Introduction. Lexical retrieval models like BM25 (Robertson et al., 1994) or DirichletLM (Zhai and Lafferty, 2001) are the basis of many of the early argument retrieval approaches (Chernodub et al., 2019; Potthast et al., 2019; Stab et al., 2018; Wachsmuth et al., 2017) and also were the most common choice of many participants of the Touché lab’s shared task on argument retrieval for controversial questions (Bondarenko et al., 2020, 2021). A few neural rankers like K-NRM (Xiong et al., 2017) and CEDR (MacAvaney et al., 2019) were used by the task participants but showed to be less effective than the task’s official DirichletLM-based baseline. Interestingly, also newer neural retrieval models like ColBERTv2 (Santhanam et al., 2022) and LaPraDoR (Xu et al., 2022) are less effective than BM25 on the Touché subset of the BEIR benchmark for zero-shot retrieval (Thakur et al., 2021). In this paper, we propose to improve the effectiveness of lexical argument retrieval models by adding a semantic document expansion step that uses term weights calculated by DeepCT (Dai and Callan, 2020b).
Discussion / Conclusion. In this paper, we proposed to combine lexical retrieval models with semantic document expansion for argument retrieval. Specifically, to calculate the term weights, we fine-tuned DeepCT on the args.me corpus. The main advantages of DeepCT are that the calculation of term weights can be done in an offline fashion before document indexing and that its training does not require manual relevance judgments. This is especially important in the specialized domains (e.g., argument retrieval), where no or little training data is available.

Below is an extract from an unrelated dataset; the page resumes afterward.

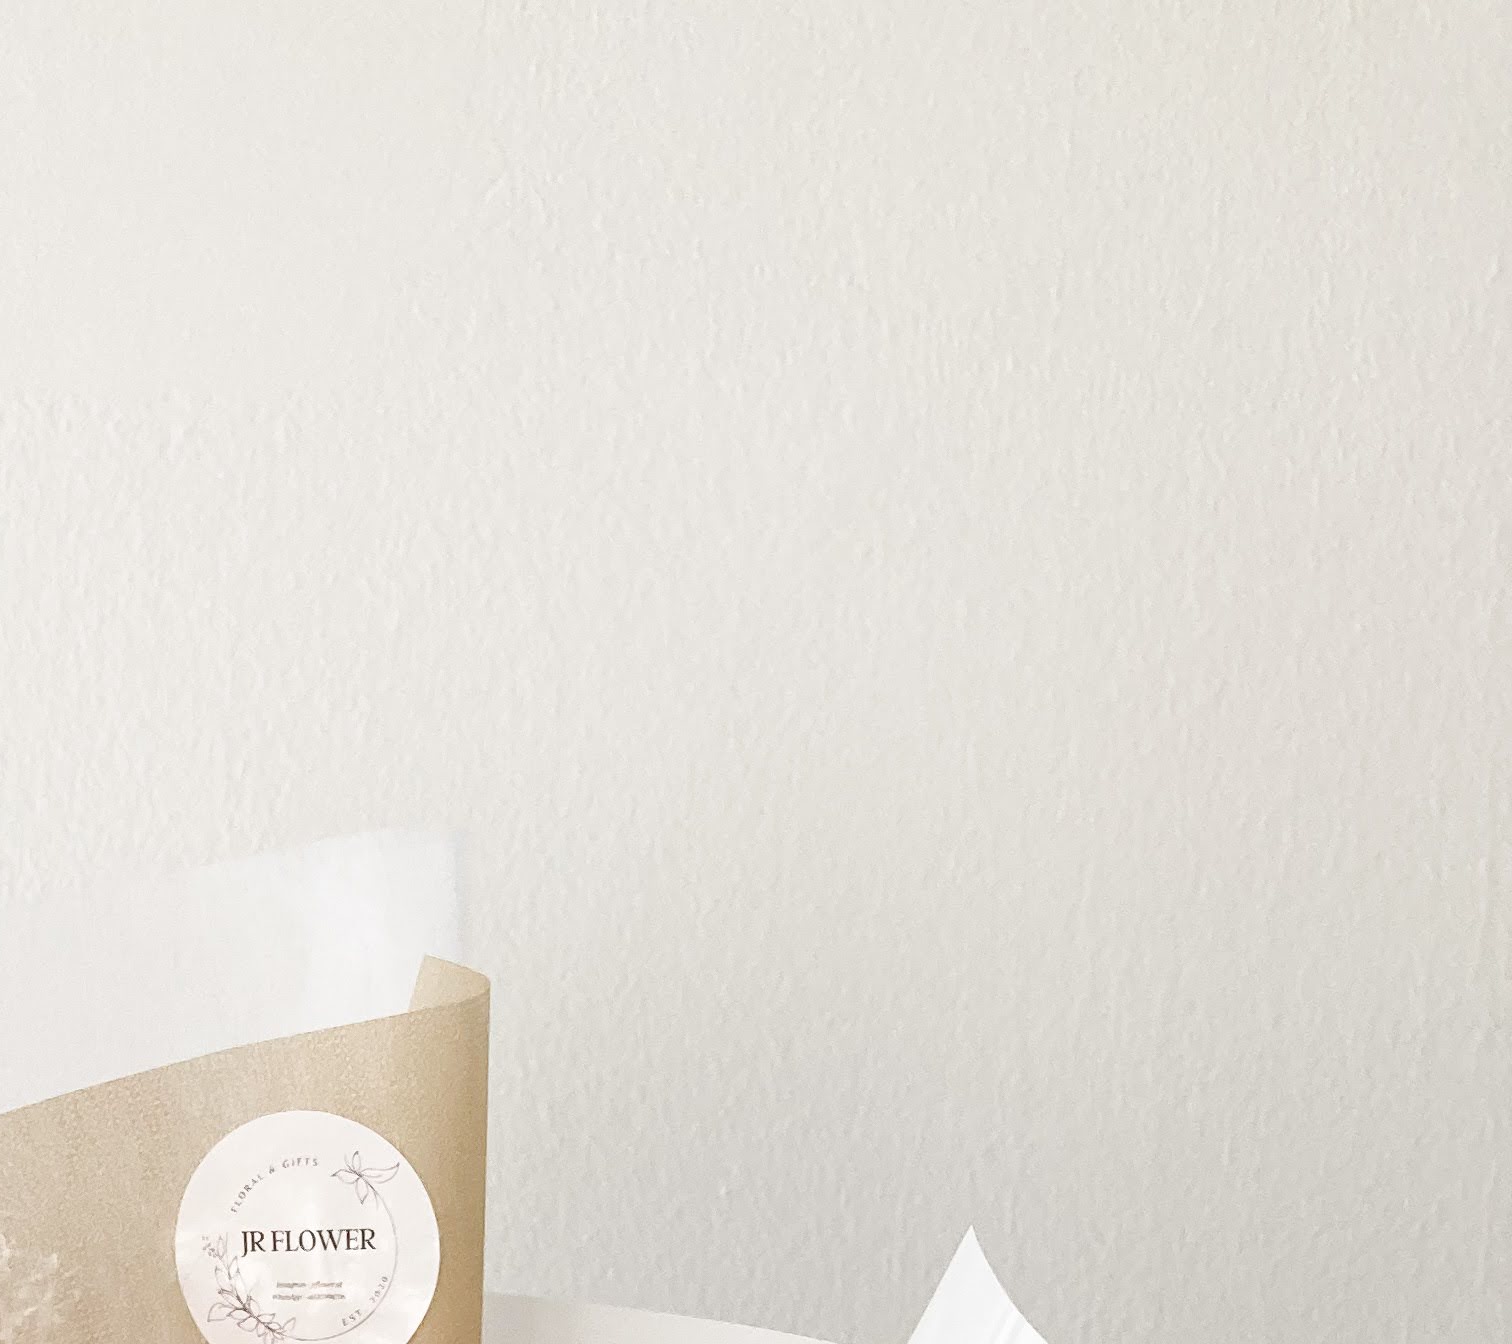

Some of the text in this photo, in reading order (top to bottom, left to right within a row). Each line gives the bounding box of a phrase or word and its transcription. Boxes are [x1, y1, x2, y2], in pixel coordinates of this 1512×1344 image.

[282, 1157, 319, 1169] GIFTS
[241, 1228, 377, 1257] JR FLOWER

Furthermore, at query time only lexical retrieval models are used on the expanded documents that require less computational resources than neural models. Our evaluation results showed that adding some “semantics” to strong lexical argument retrieval approaches improves the overall effectiveness over the lexical retrieval alone. Additionally, we showed that our approach is on par with modern neural rerankers, which themselves can be more computationally expensive. However, we also indicated that for a more robust conclusion, further experiments should be conducted, where the missing relevance judgments are filled.